Record extracts:

────────────────

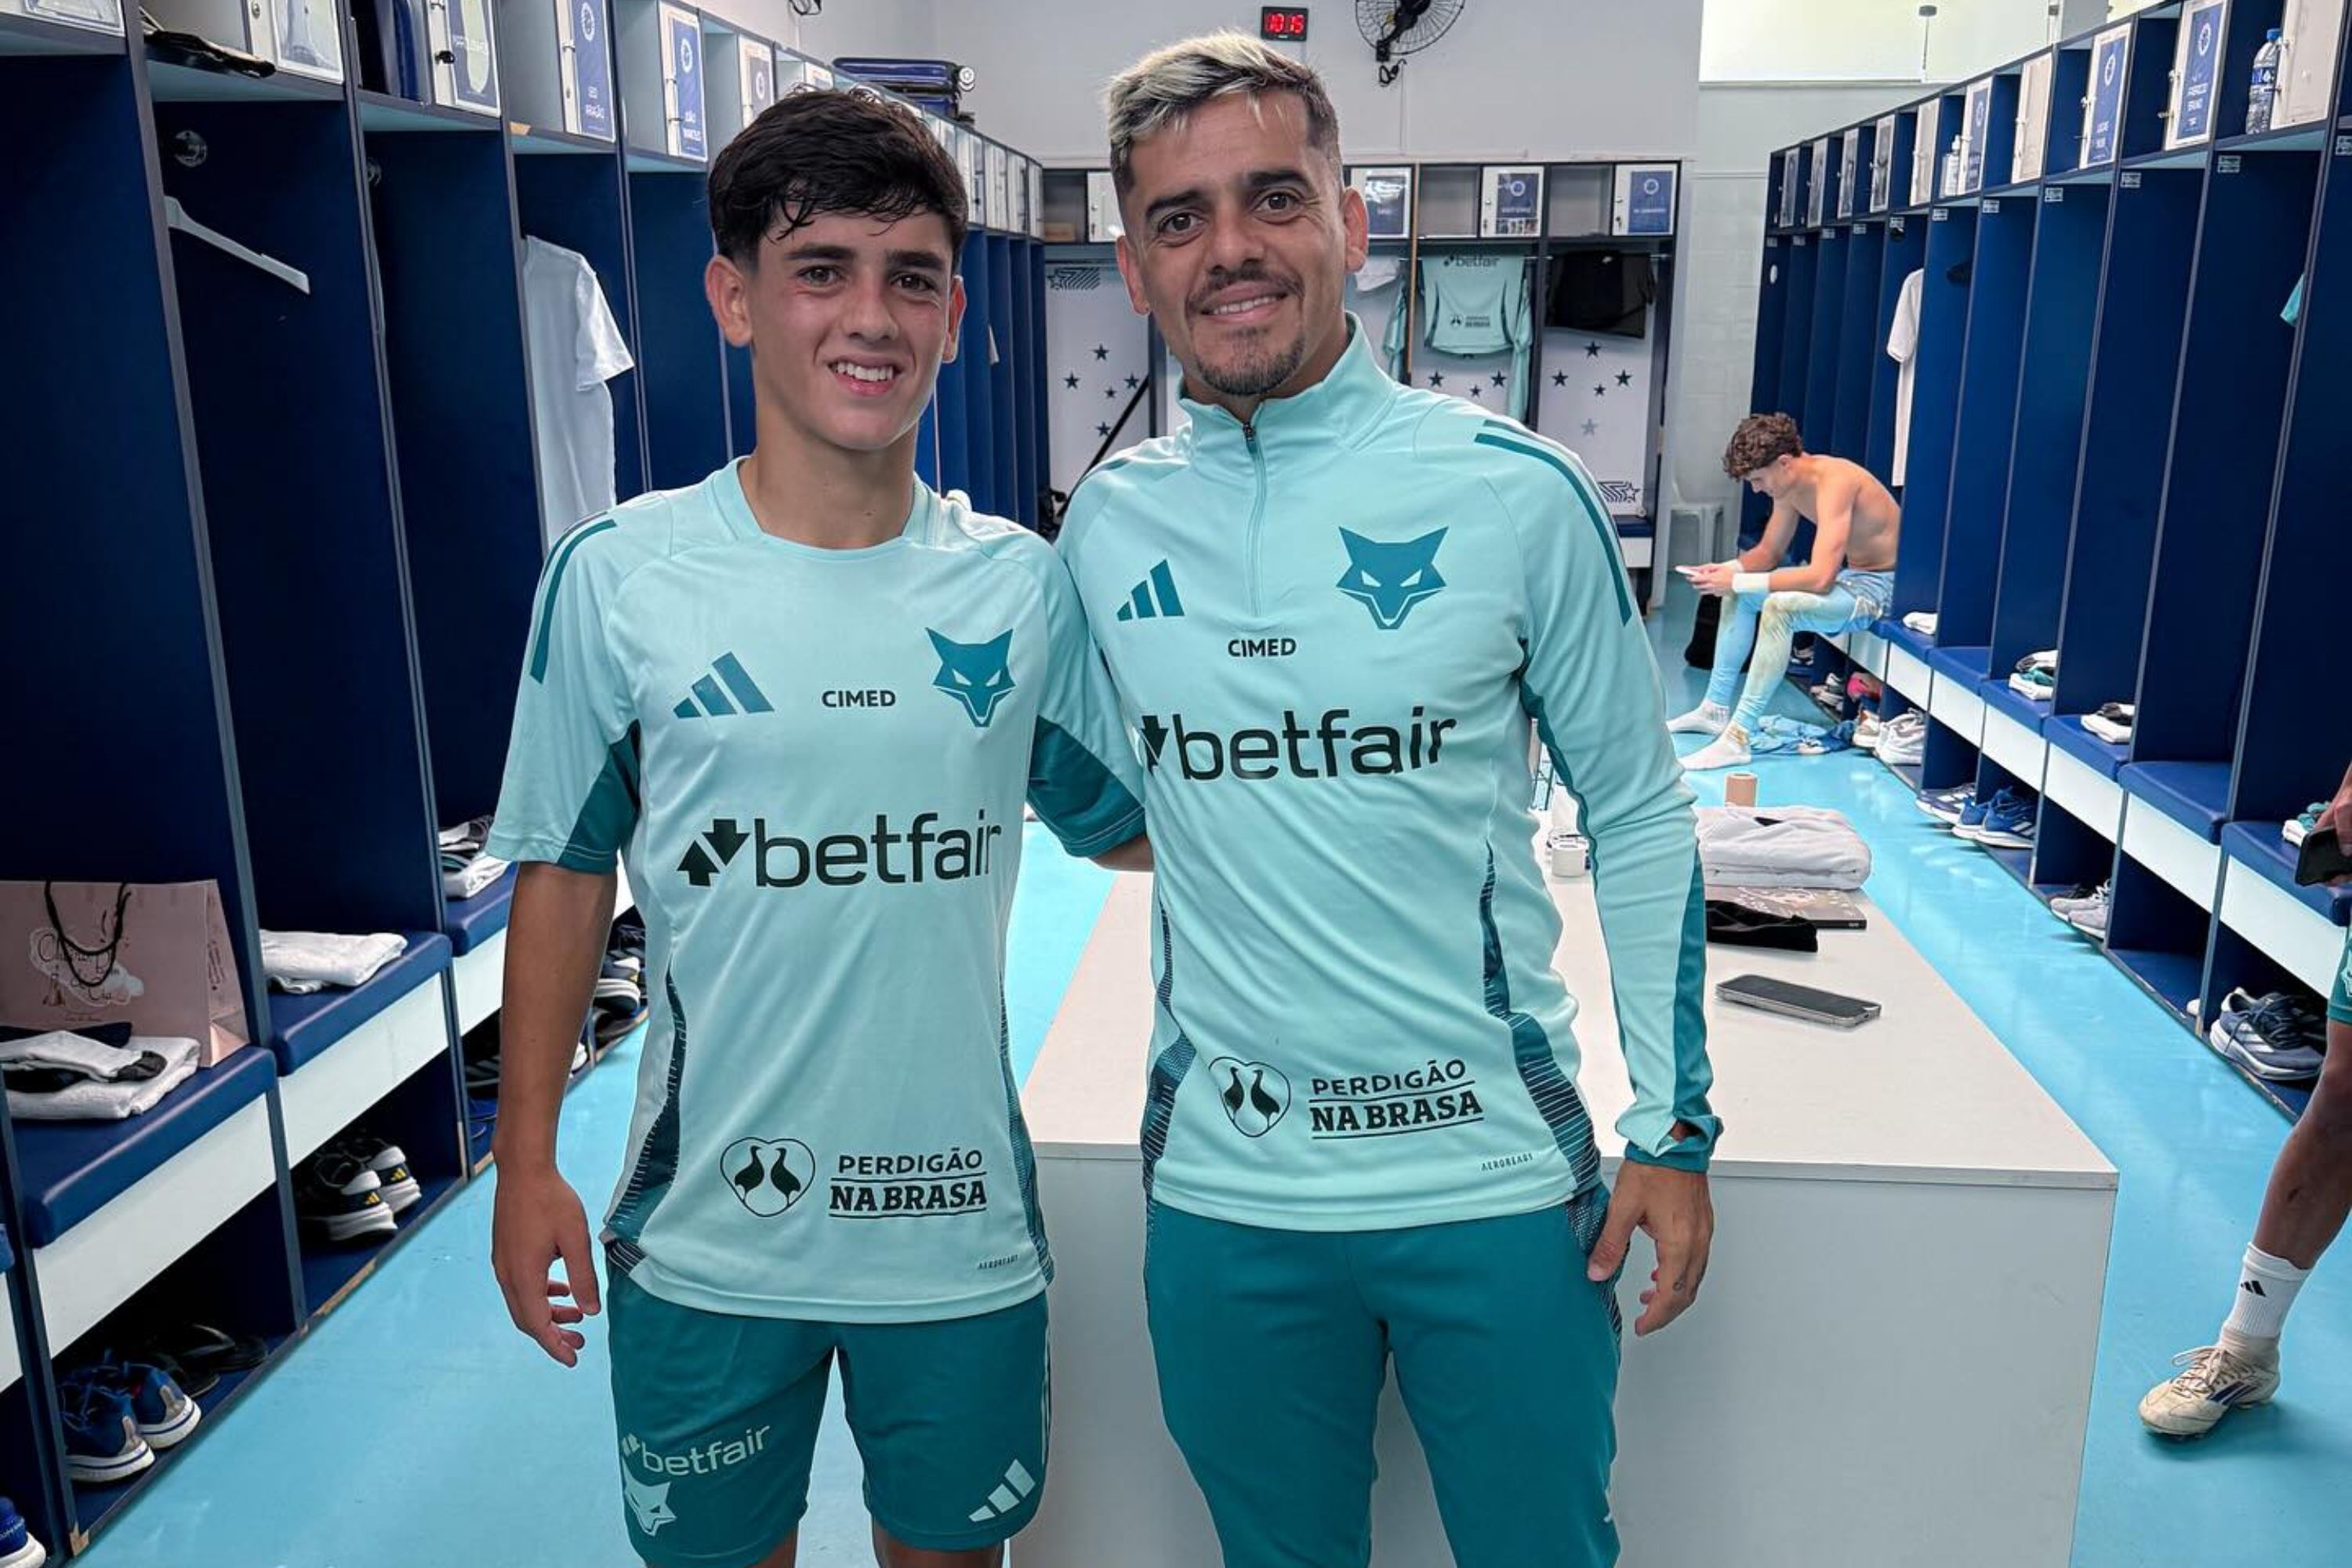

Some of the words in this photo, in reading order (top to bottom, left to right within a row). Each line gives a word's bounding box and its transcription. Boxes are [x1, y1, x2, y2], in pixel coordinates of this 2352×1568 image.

[1228, 637, 1297, 658] CIMED
[821, 690, 897, 708] CIMED
[1172, 706, 1457, 781] betfair
[753, 808, 1002, 888] betfair
[1312, 1058, 1467, 1096] PERDIGÃO
[1309, 1106, 1361, 1132] NA
[1366, 1090, 1483, 1131] BRASA
[838, 1147, 982, 1175] PERDIGÃO
[829, 1185, 878, 1211] NA
[882, 1180, 988, 1211] BRASA
[641, 1425, 771, 1476] betfair

────────────────

Exercise objective: Give the entries again word for word, but skip the pictures.

Result below:
Some of the words in this photo, in reading order (top to bottom, left to right within a row). Each line gives a word's bounding box and its transcription. Boxes are [x1, y1, x2, y2], in pixel coordinates of this 2352×1568 image.

[1228, 637, 1297, 658] CIMED
[821, 690, 897, 708] CIMED
[1172, 706, 1457, 781] betfair
[753, 808, 1002, 888] betfair
[1312, 1058, 1467, 1096] PERDIGÃO
[1309, 1106, 1361, 1132] NA
[1366, 1090, 1483, 1131] BRASA
[838, 1147, 982, 1175] PERDIGÃO
[829, 1185, 878, 1211] NA
[882, 1180, 988, 1211] BRASA
[641, 1425, 771, 1476] betfair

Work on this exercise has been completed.